Aufgebrachte Jugendliche haben einen Tag nach dem Anschlag auf eine Moschee in Pakistan Gebäude in der Stadt Sialkot in Brand gesetzt. Soldaten marschierten auf, um die Feuerwehr zu schützen.

HB BERLIN. In der ostpakistanischen Stadt Sialkot hat es einen Tag nach einem Anschlag auf eine Moschee schwere Unruhen gegeben. Nach dem Massenbegräbnis der 25 Menschen, die beim Anschlag auf eine schiitische Moschee am Freitag ums Leben gekommen waren, zogen am Samstag hunderte Jugendliche plündernd und brandschatzend durch die Straßen.

Eine Polizeiwache und das Büro des Bürgermeisters wurden in Brand gesteckt, wie die Behörden mitteilten.

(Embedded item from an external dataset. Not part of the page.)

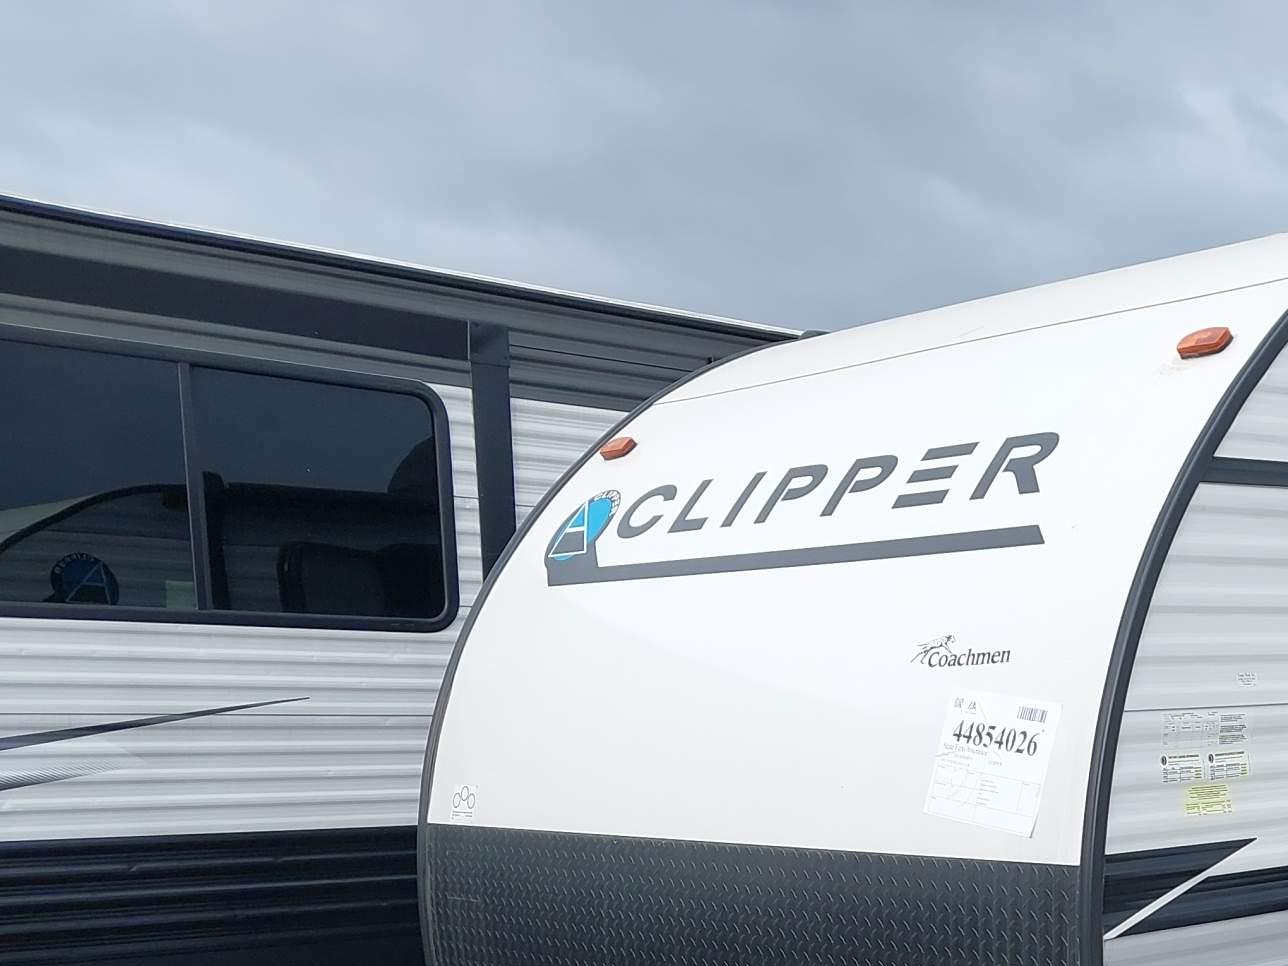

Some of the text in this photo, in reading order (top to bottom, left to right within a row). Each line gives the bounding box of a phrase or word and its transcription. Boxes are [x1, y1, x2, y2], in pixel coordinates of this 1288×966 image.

Soldaten wurden herbeigerufen, um dafür zu sorgen, dass die Feuerwehr ungehindert löschen konnte. «Die Streitkräfte regeln die Lage, aber die Gewalt dauert an», sagte Polizeisprecher Mohammed Irfan.

Am Freitag hatte sich ein Selbstmordattentäter in der Zainabia-Moschee in die Luft gesprengt. Schon nach der Explosion wurden die Polizisten von einer wütenden Menschenmenge attackiert und von der Moschee fern gehalten. Im überwiegend muslimischen Pakistan gibt es immer wieder Auseinandersetzungen zwischen der schiitischen Minderheit und der sunnitischen Mehrheit.